BEGIN Material for this exercise

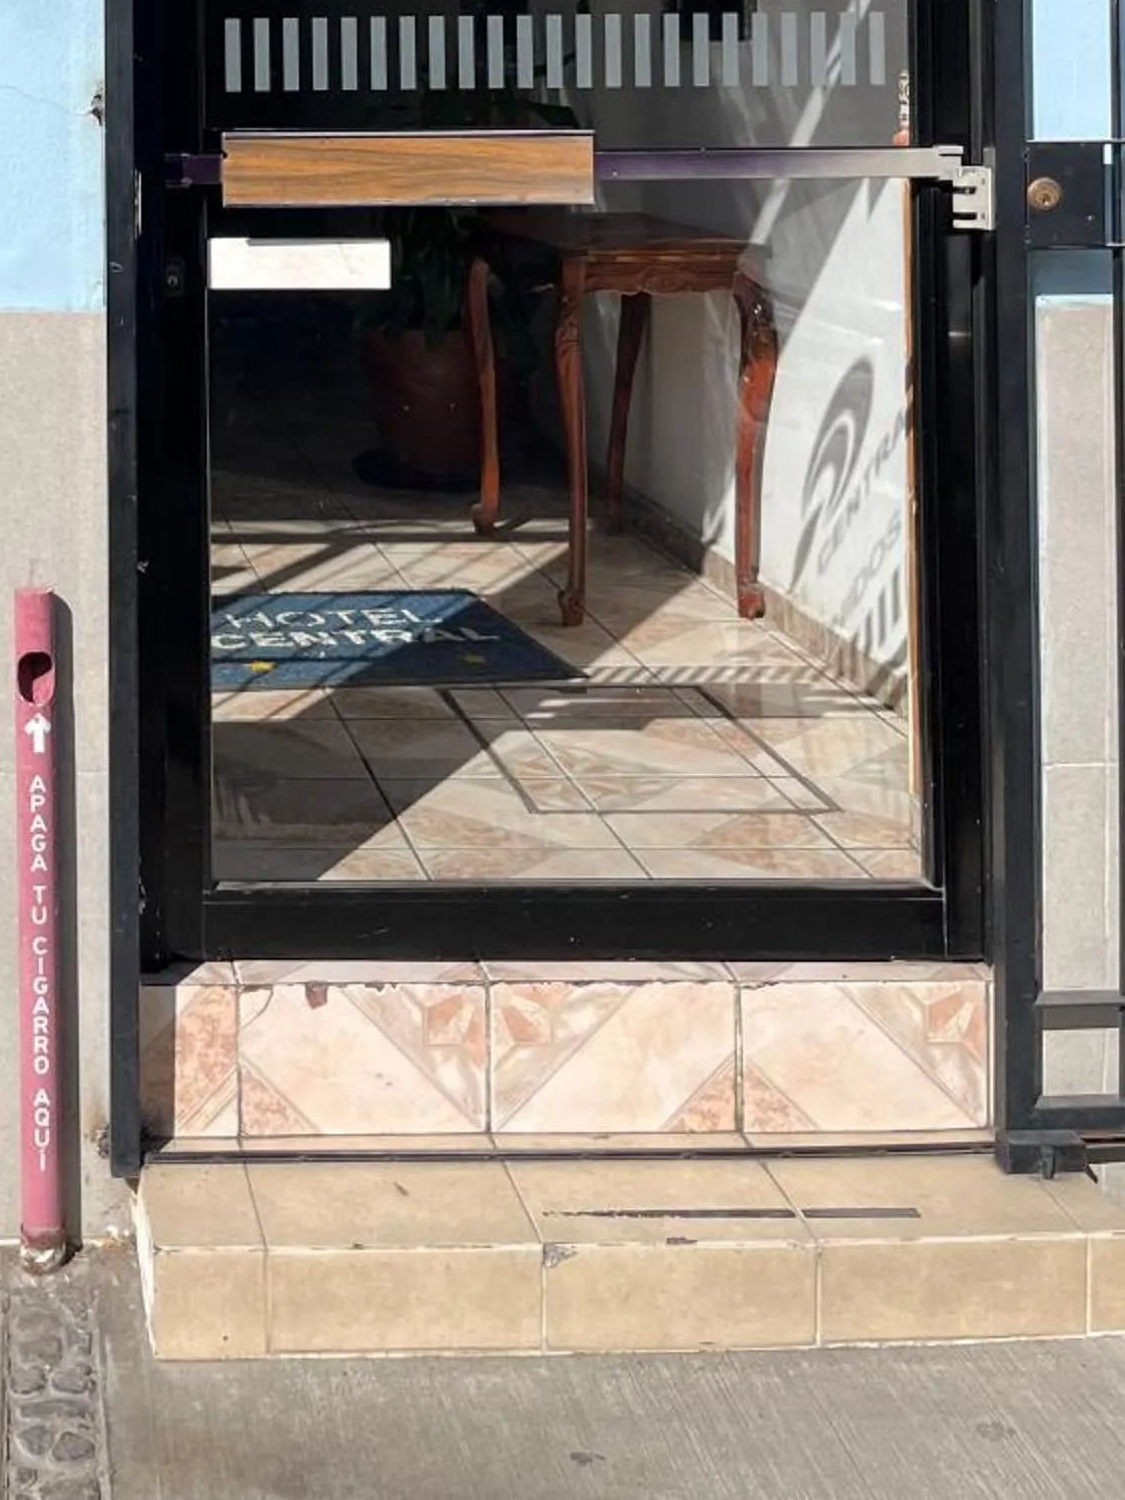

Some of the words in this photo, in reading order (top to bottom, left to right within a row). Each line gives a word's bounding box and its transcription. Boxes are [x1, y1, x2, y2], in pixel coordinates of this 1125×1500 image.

[227, 607, 443, 628] HOTEL
[211, 628, 500, 648] CENTRAL
[30, 775, 47, 871] APAGA
[31, 886, 47, 924] TU
[32, 937, 49, 1074] CIGARRO

END Material for this exercise

> **What you should do**: Repeat each entry precisely as it appears. Leave the pictures out.

> **Response**:
Some of the words in this photo, in reading order (top to bottom, left to right within a row). Each line gives a word's bounding box and its transcription. Boxes are [x1, y1, x2, y2], in pixel coordinates of this 1125×1500 image.

[227, 607, 443, 628] HOTEL
[211, 628, 500, 648] CENTRAL
[30, 775, 47, 871] APAGA
[31, 886, 47, 924] TU
[32, 937, 49, 1074] CIGARRO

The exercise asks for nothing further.